ICL spearheads UK recycling standard
ICL has launched a scheme for vetting and auditing approved recycling firms, which it hopes will become the basis for UK standards on IT recycling and re-usage.
The scheme, called Recycle, includes a vetting procedure of up to a year, followed by monitoring of how much equipment is recycled and how, plus environmental controls such as air quality and dust emissions.
The scheme is a bid to pre-empt stringent European legislation on the disposal of old IT equipment.
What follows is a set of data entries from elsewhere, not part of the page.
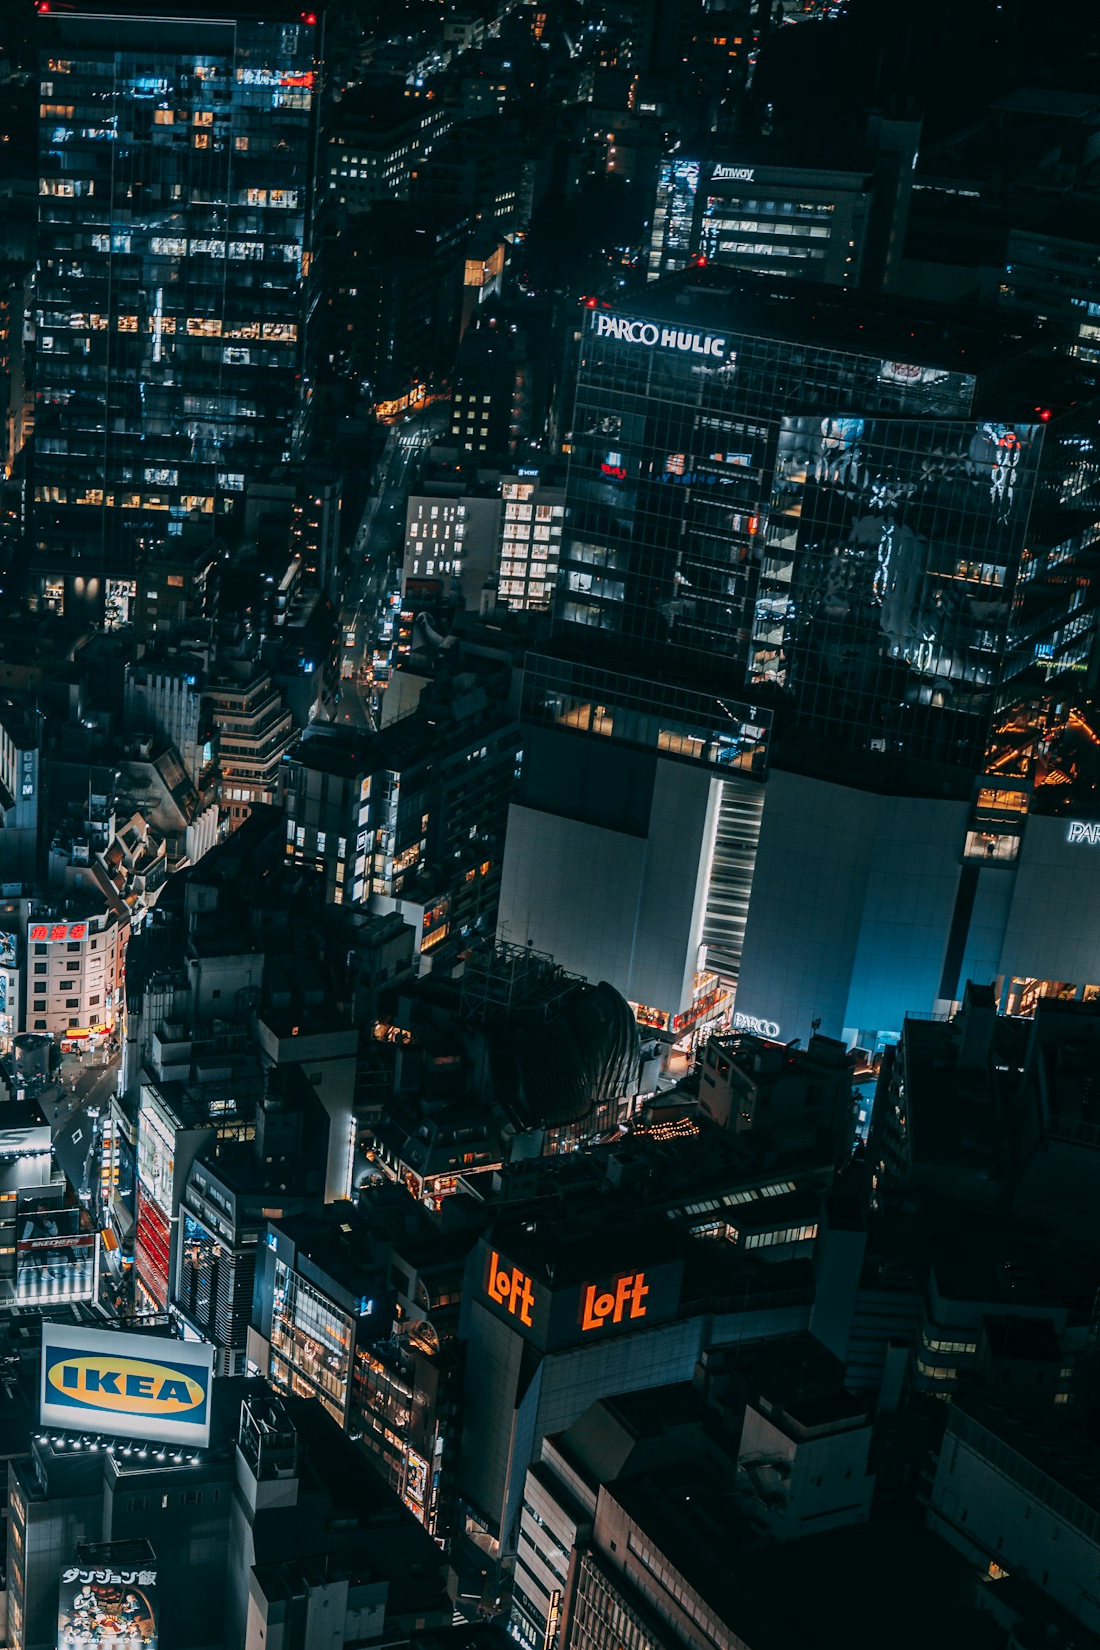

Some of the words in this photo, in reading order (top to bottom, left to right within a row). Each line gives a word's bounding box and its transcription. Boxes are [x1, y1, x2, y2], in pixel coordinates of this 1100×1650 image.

[713, 164, 753, 179] Amway
[597, 315, 658, 345] PARCO
[661, 329, 726, 357] HULIC
[21, 751, 34, 796] BEAM
[734, 1012, 780, 1037] PARCO
[31, 1237, 81, 1249] SKECHERS
[62, 1365, 194, 1405] IKEA
[62, 1567, 158, 1586] ダンジョン飯
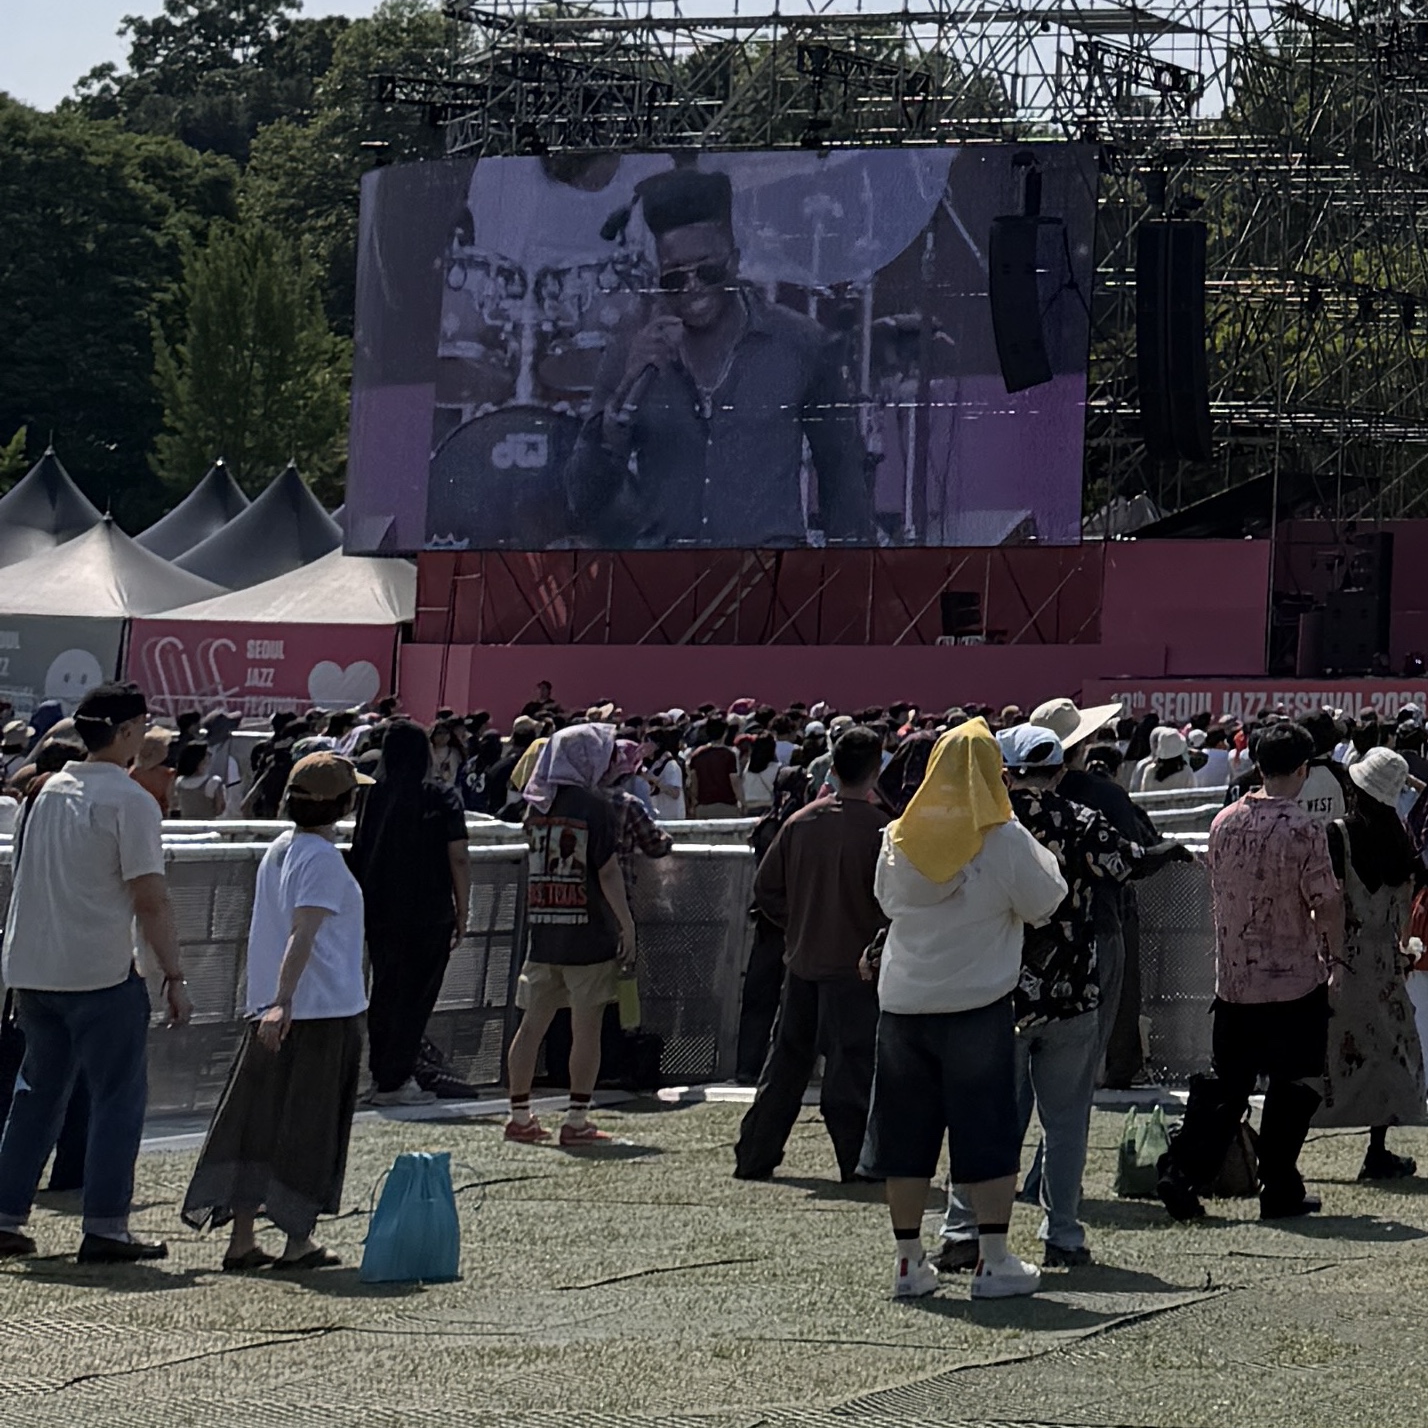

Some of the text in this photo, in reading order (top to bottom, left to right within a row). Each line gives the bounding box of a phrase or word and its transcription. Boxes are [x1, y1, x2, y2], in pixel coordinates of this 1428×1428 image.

[246, 639, 285, 660] SEOUL
[244, 667, 275, 687] JAZZ
[1110, 690, 1146, 720] 8th
[1151, 692, 1214, 723] SEOUL
[1221, 691, 1267, 723] JAZZ
[1307, 797, 1332, 813] WEST
Joy Boyce, ICL head of corporate environmental affairs, said: 'We have a complete audit trail for all the equipment we send. We want to know whether recyclers are getting a good return and like a low percentage to go to landfill.'
An EU directive on electronics recycling, mandating safe recycling of discarded IT equipment is due to be published soon. It is expected to demand that 80 to 90 per cent of kit is recycled and may make suppliers, resellers and business owners jointly liable for this.
Legislation in member states will follow in about two years.
The Industry Council for Electronic Recycling estimated that of nearly 125,000 tonnes of IT hardware discarded in 1996, 76 per cent was dumped in landfill and only 24 per cent was collected. Of the latter, 96 per cent was recycled or re-used.
ICL estimated that roughly a third of its redundant IT kit can be refurbished, another third stripped for re-usable parts and the remainder scrapped and mostly recycled.
Recycle will be an open standard which anyone can adopt and ICL will apply it to all the equipment it handles, rather than just ICL-badged hardware.